Penn’s most notable work was as a composer. With Spooner Oldham, he penned such classic soul and R&B hits as “Dark End of the Street” (for James Carr), “I’m Your Puppet” (for Bobby & James Purify), “Sweet Inspiration” (for The Sweet Inspirations), “Out of Left Field,” “It Tears Me Up” (both for Percy Sledge), “Do Right Woman” (for Aretha Franklin), “Cry Like A Baby,” “The Letter” (for the Box Tops), and “A Woman Left Lonely” (for Janis Joplin). However, according to Guralnick’s book, Penn’s performances of these songs on demo recordings sometimes were as good or better than the released recordings.

In a way, Guralnick’s observation was confirmed by Penn’s subsequent solo recordings, notably1994’s Do Right Man, and 1999’s live Moment From This Theatre, but it left soul fans even more curious about hearing Penn’s original demos and recordings. Penn only released four hard-to-find singles before he released Nobody’s Fool in 1973. Ace Records in the U.K. has now issued Penn’s recordings cut for Fame over a two-year span between 1964 and 1966…the tracks that Guralnick raved about in his book.

The Fame Recordings offers 24 tracks, 23 previously unreleased. Several of these songs became hits for other artists, tunes that are recognizable to most music fans, but Penn’s interpretations of his own songs indicate two things…1) he was capable of doing these songs as good or better than the artists who ended up with them, and 2) he very easily could have been, or should have been a star himself…..these performances are that good.

Penn’s versions of the familiar songs, “It Tears Me Up,” “Rainbow Road,” “You Left The Water Running,” and “I’m Your Puppet” are all first-rate, but there’s reason to believe that some of the other tunes here could have become just as familiar under the right circumstances. “Take Me (Just As I Am),” Penn’s lone single released from Fame (with little fanfare under the name Lonnie Ray) is an excellent example.
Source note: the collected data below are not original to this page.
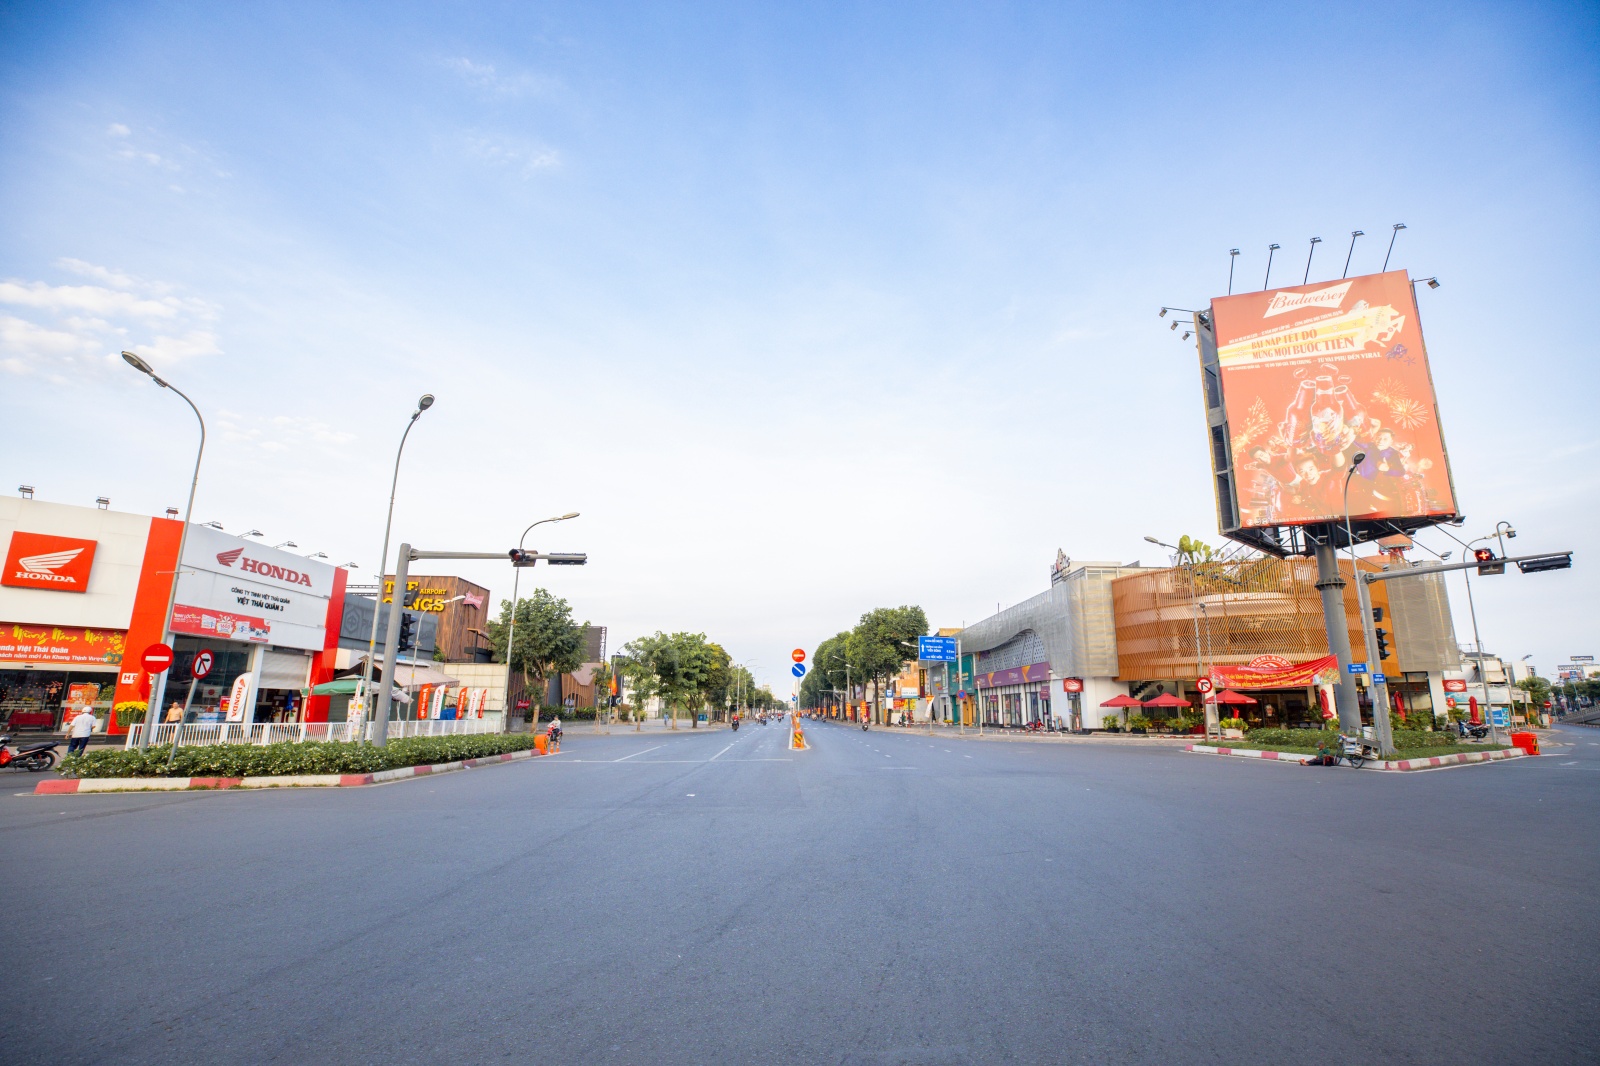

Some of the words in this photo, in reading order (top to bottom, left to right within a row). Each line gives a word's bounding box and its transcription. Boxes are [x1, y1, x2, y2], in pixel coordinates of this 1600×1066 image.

[1267, 291, 1346, 309] Budweiser
[15, 572, 76, 583] HONDA
[240, 557, 312, 587] HONDA
[384, 580, 418, 594] TE
[237, 597, 250, 605] VIỆT
[252, 599, 264, 608] THÁI
[17, 645, 32, 653] Việt
[232, 687, 242, 717] HONDA
On some of these tracks, Penn’s vocals take on the qualities of others, like “I’m Living Good,” where his vocals take on a definite Sam Cooke quality, or Otis Redding on “Take A Good Look.” Penn’s vocal style, however, takes in not only those two artists, but there’s also the influence of Ray Charles, and Bobby “Blue” Bland. He does a masterful job on tunes like “Strangest Feeling,” “Rainbow Road,” “Feed The Flame,” and “It Tears Me Up,” where he practically knocks it out of the park.

Listening to these tracks, you will come to understand what producer Chips Moman once said about James Carr, the sometimes reluctant soul singer….”Easiest thing in the world. Get Dan Penn to sing it for him. He had to sing it, ‘cause Dan sung it so good.” Maybe Penn’s vocal style played a part in influencing the subsequent performances by other artists.

Assisting Penn on these tunes is Fame’s crack studio band, one of the finest soul ensembles ever assembled….guitarists Jimmy Johnson and Junior Lowe, drummers Roger Hawkins and Jerry Carrigan, bass players Norbert Putnam and Lowe, and keyboardist David Briggs and longtime collaborator Spooner Oldham.

After all these years of hearsay, it is a great and wonderful thing for these recordings to finally see the light of day. Soul fans have wondered for years if Dan Penn’s “lost” recordings were as good as advertised. With the release of The Fame Recordings, it’s safe to say that Peter Guralnick knew what he was talking about. This is an essential purchase for any fan of soul music.